# Description of the task:
For each entry below, output it exactly as it stands.

# Records to use:
----
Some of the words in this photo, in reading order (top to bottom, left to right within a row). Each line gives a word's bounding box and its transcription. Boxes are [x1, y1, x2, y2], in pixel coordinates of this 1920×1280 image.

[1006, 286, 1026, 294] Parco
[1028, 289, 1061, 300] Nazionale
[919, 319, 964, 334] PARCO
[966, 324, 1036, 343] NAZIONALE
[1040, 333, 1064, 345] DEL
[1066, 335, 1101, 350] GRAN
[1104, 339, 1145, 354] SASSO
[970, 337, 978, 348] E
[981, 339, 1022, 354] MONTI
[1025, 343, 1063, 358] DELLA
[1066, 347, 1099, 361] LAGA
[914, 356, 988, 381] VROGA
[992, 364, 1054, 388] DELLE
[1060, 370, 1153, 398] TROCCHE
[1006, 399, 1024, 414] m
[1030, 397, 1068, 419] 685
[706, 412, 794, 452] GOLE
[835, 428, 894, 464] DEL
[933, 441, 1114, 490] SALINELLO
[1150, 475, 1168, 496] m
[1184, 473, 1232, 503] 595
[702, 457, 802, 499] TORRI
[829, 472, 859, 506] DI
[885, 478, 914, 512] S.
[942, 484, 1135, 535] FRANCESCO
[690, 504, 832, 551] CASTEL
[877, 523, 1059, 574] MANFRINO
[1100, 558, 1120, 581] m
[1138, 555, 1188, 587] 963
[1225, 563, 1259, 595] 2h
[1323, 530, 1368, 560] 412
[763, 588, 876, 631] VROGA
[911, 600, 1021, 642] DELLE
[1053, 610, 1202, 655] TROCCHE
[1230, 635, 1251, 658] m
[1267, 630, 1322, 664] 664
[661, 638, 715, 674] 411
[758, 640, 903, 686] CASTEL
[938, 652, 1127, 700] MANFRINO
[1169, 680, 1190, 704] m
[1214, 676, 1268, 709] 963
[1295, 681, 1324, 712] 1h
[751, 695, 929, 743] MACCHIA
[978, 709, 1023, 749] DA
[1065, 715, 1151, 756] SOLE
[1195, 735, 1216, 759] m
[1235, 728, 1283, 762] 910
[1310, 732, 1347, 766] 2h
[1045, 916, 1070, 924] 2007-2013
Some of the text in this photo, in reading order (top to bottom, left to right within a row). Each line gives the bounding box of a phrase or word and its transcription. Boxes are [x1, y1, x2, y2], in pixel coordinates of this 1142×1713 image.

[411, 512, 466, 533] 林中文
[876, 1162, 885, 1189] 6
----
# Answer to this problem:
Some of the words in this photo, in reading order (top to bottom, left to right within a row). Each line gives a word's bounding box and its transcription. Boxes are [x1, y1, x2, y2], in pixel coordinates of this 1920×1280 image.

[1006, 286, 1026, 294] Parco
[1028, 289, 1061, 300] Nazionale
[919, 319, 964, 334] PARCO
[966, 324, 1036, 343] NAZIONALE
[1040, 333, 1064, 345] DEL
[1066, 335, 1101, 350] GRAN
[1104, 339, 1145, 354] SASSO
[970, 337, 978, 348] E
[981, 339, 1022, 354] MONTI
[1025, 343, 1063, 358] DELLA
[1066, 347, 1099, 361] LAGA
[914, 356, 988, 381] VROGA
[992, 364, 1054, 388] DELLE
[1060, 370, 1153, 398] TROCCHE
[1006, 399, 1024, 414] m
[1030, 397, 1068, 419] 685
[706, 412, 794, 452] GOLE
[835, 428, 894, 464] DEL
[933, 441, 1114, 490] SALINELLO
[1150, 475, 1168, 496] m
[1184, 473, 1232, 503] 595
[702, 457, 802, 499] TORRI
[829, 472, 859, 506] DI
[885, 478, 914, 512] S.
[942, 484, 1135, 535] FRANCESCO
[690, 504, 832, 551] CASTEL
[877, 523, 1059, 574] MANFRINO
[1100, 558, 1120, 581] m
[1138, 555, 1188, 587] 963
[1225, 563, 1259, 595] 2h
[1323, 530, 1368, 560] 412
[763, 588, 876, 631] VROGA
[911, 600, 1021, 642] DELLE
[1053, 610, 1202, 655] TROCCHE
[1230, 635, 1251, 658] m
[1267, 630, 1322, 664] 664
[661, 638, 715, 674] 411
[758, 640, 903, 686] CASTEL
[938, 652, 1127, 700] MANFRINO
[1169, 680, 1190, 704] m
[1214, 676, 1268, 709] 963
[1295, 681, 1324, 712] 1h
[751, 695, 929, 743] MACCHIA
[978, 709, 1023, 749] DA
[1065, 715, 1151, 756] SOLE
[1195, 735, 1216, 759] m
[1235, 728, 1283, 762] 910
[1310, 732, 1347, 766] 2h
[1045, 916, 1070, 924] 2007-2013
Some of the text in this photo, in reading order (top to bottom, left to right within a row). Each line gives the bounding box of a phrase or word and its transcription. Boxes are [x1, y1, x2, y2], in pixel coordinates of this 1142×1713 image.

[411, 512, 466, 533] 林中文
[876, 1162, 885, 1189] 6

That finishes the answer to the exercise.